O presidente Luiz Inácio Lula da Silva (PT) visitou nesta quinta-feira (11) um observatório de monitoramento da Amazônia e divulgou, ao lado da equipe do Ministério do Meio Ambiente e do Instituto Nacional de Pesquisas Espaciais (Inpe), dados que apontam uma redução significativa do desmatamento no Brasil – especialmente nos biomas Amazônia e Cerrado. A divulgação ocorre em meio a questionamentos dos Estados Unidos sobre o enfrentamento, pelo Brasil, do desmatamento ilegal em seu território, que serviram de justificativa para a proposta de novas tarifas comerciais contra produtos brasileiros.
Em um documento no qual propôs a aplicação de tarifas, o Escritório de Comércio dos EUA afirma que o Brasil, embora tenha um marco legal para combater o desmatamento ilegal, falhou historicamente em aplicá-lo de forma eficaz. O relatório, que cita o avanço da soja e recordes de desmatamento como justificativas, gerou reação do governo brasileiro, que busca contrapor os argumentos com dados oficiais de monitoramento.
Dados apontam queda recorde na Amazônia e recuo no Cerrado
Durante o evento, o ministro do Meio Ambiente, João Paulo Capobianco, apresentou dados coletados pelo sistema Deter, que emite alertas diários de desmatamento e dá suporte à fiscalização. Na Amazônia, a área sob alerta em maio registrou queda de 61,4% em relação ao mesmo mês do ano passado – a maior redução da série histórica para o período. No acumulado entre agosto de 2025 e maio de 2026, o bioma apresentou recuo de 37,5% na comparação com o mesmo intervalo entre 2024 e 2025.
No Cerrado, também houve redução: no acumulado de agosto de 2025 a maio de 2026, a queda foi de 25,3% em relação ao mesmo período anterior. Os dados consolidados anuais, produzidos pelo sistema Prodes, ainda não foram fechados. O sistema Deter, que monitora e emite alertas diários, é complementar ao Prodes, que fornece medições mais precisas anualmente.
Após a divulgação, o ministro João Paulo Capobianco afirmou a jornalistas que as informações, produzidas pelo Inpe, já são públicas e serão divulgadas de modo global. Segundo ele, embora a apresentação dos números seja uma prática tradicional do governo brasileiro, os dados também serão compartilhados com o governo dos Estados Unidos, assim como com outros países e organismos internacionais interessados no monitoramento.

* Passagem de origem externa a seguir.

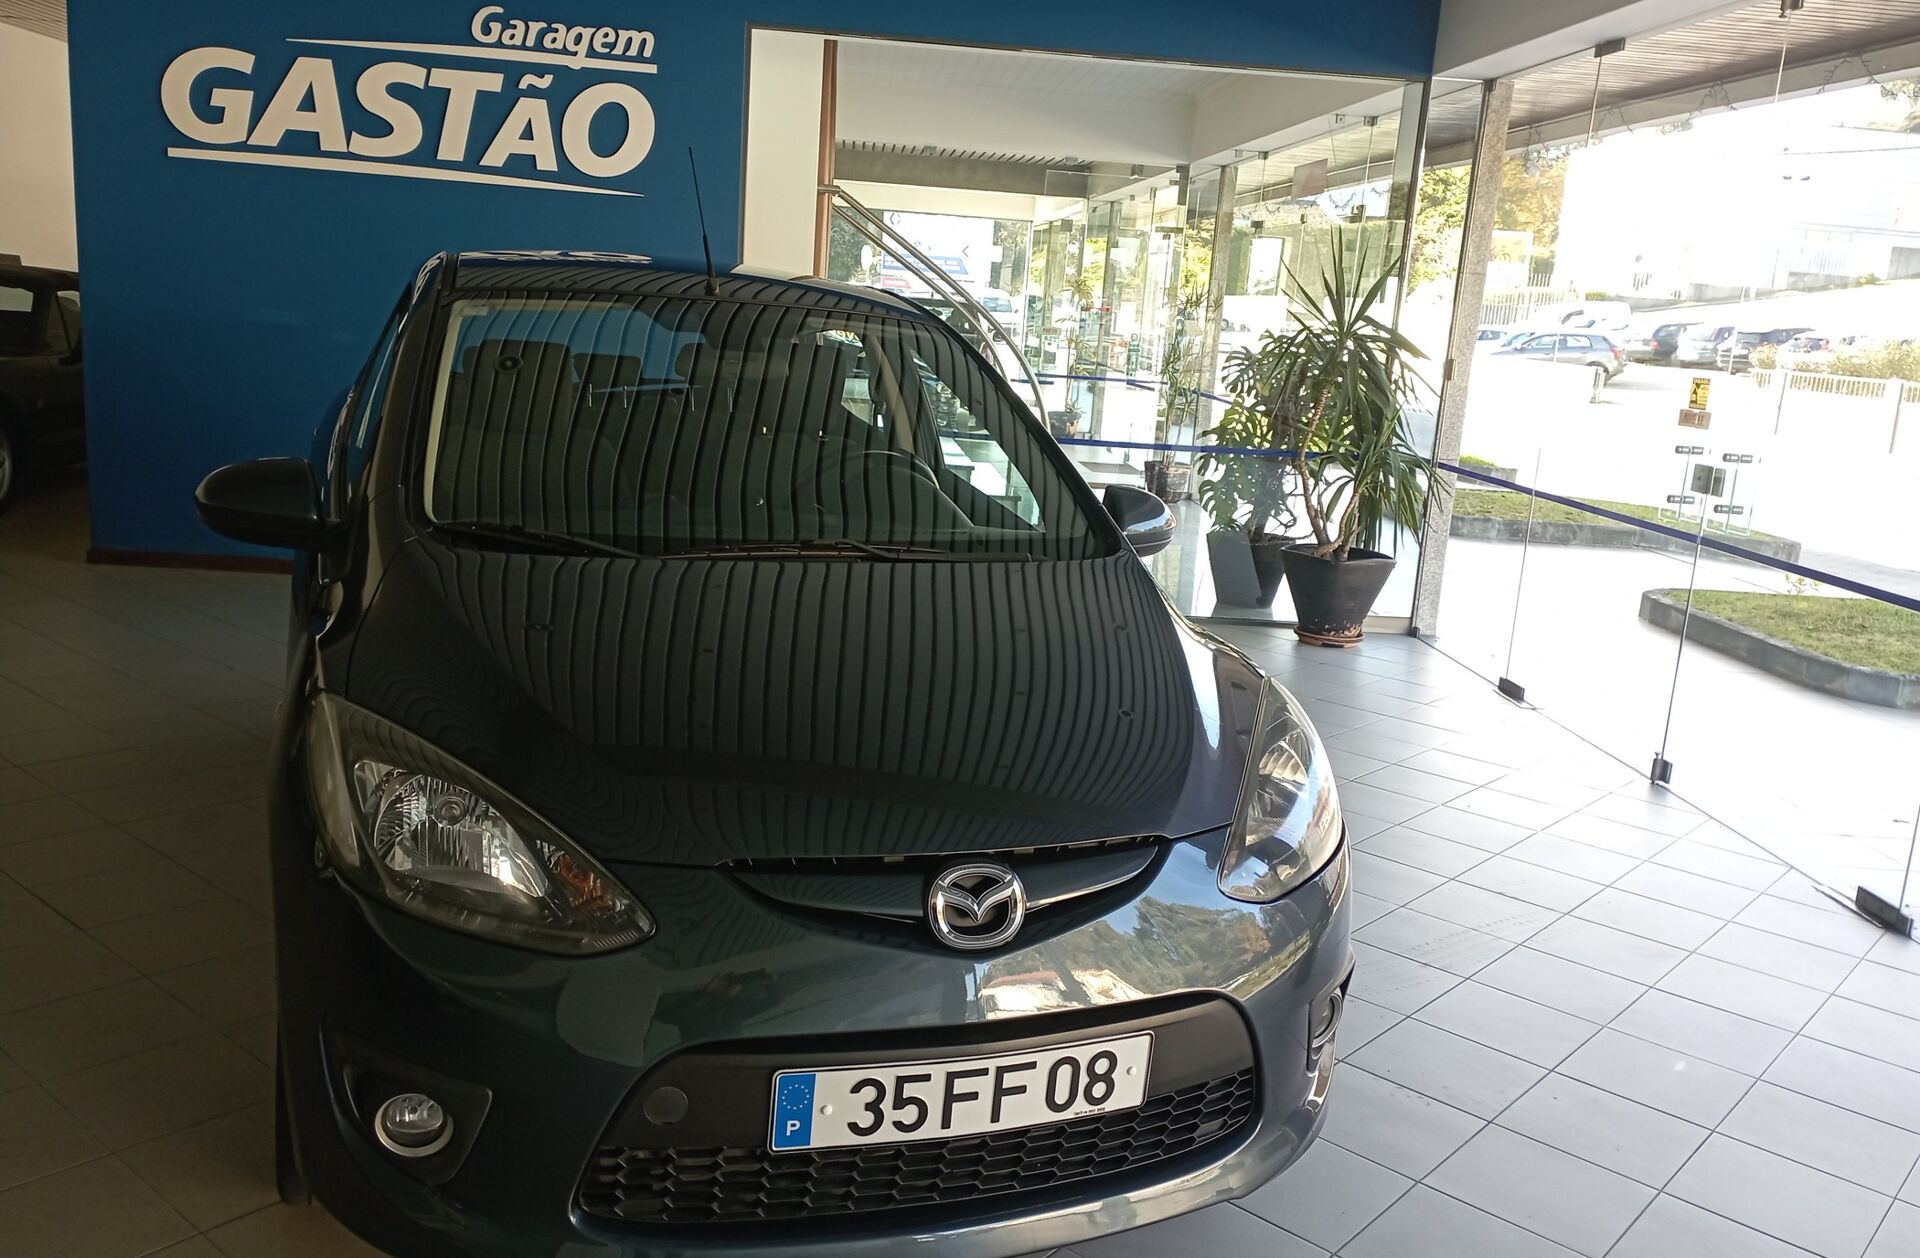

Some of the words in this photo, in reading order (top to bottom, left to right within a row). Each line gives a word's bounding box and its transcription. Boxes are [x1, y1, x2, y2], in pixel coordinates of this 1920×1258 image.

[471, 5, 656, 67] Garagem
[160, 46, 656, 178] GASTÃO
[785, 1120, 801, 1137] P
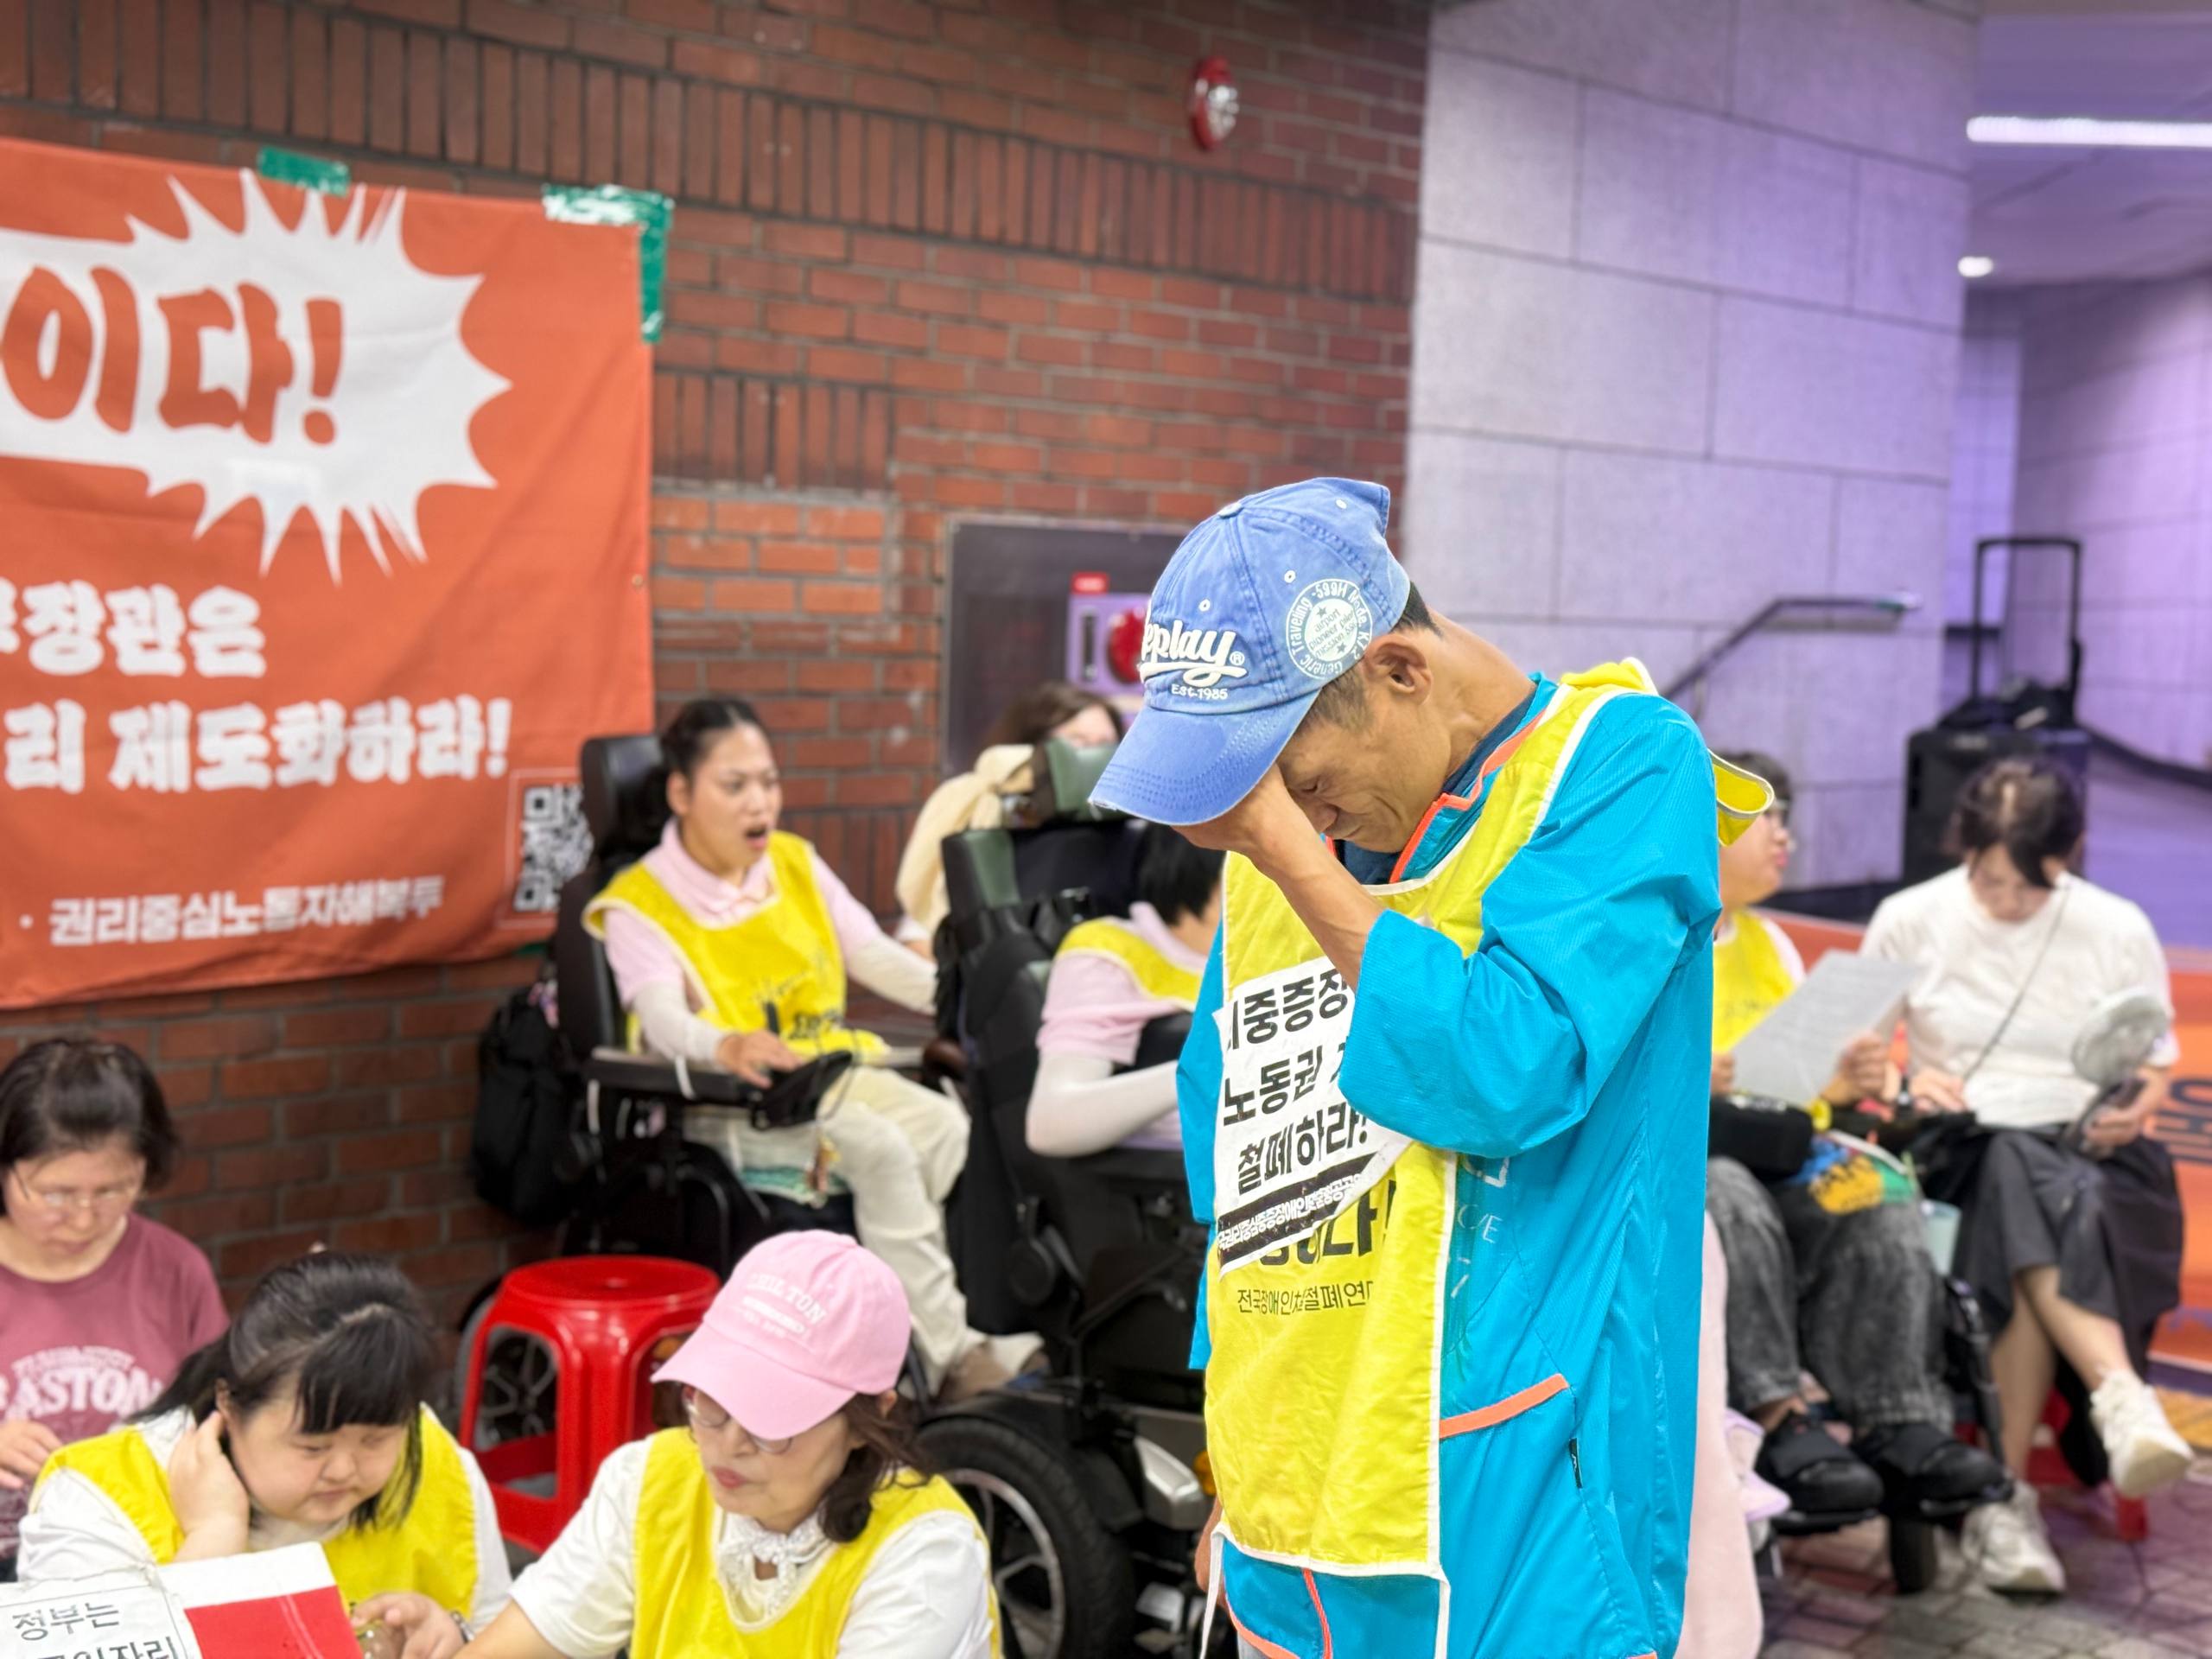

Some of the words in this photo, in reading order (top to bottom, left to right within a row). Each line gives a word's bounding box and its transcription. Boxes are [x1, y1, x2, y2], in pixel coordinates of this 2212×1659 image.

[2, 264, 344, 446] 이다!
[109, 695, 512, 793] 제도화하라!
[1224, 1045, 1324, 1127] 노동권
[12, 1602, 120, 1642] 정부는

Panorama político: tensão comercial e defesa da política ambiental
A divulgação dos números ocorre em um contexto de crescente tensão comercial entre Brasil e Estados Unidos. O relatório do Escritório de Comércio dos EUA, que aponta o avanço da soja e recordes de desmatamento como justificativas para novas tarifas, foi visto pelo governo brasileiro como uma tentativa de desqualificar os esforços ambientais do país. Em resposta, o presidente Luiz Inácio Lula da Silva afirmou que quer provar, nas negociações com os Estados Unidos, que o Brasil está certo quando o assunto são dados ambientais.
“Quando a gente está negociando com alguém que não tem parâmetro para negociar, não se comporta de forma civilizada, a gente vai ter que fazer comparação”, afirmou Lula. “Não adianta [Donald Trump] falar que tem aviões, eu não quero guerra. A minha guerra é provar que nós estamos certos e vocês estão errados. É provar que você não foi eleito para ser imperador do mundo, que você pode dizer tudo que você quer e as pessoas ficarem quietas”, completou o presidente.
O governo brasileiro busca, com os dados do Inpe, reforçar sua posição em negociações internacionais e contrapor as críticas dos EUA. A redução do desmatamento, especialmente na Amazônia, é vista como um trunfo para demonstrar eficácia na aplicação da legislação ambiental, embora o relatório norte-americano aponte falhas históricas. A situação reflete um embate mais amplo sobre comércio e sustentabilidade, que pode impactar as relações bilaterais e o mercado de commodities agrícolas.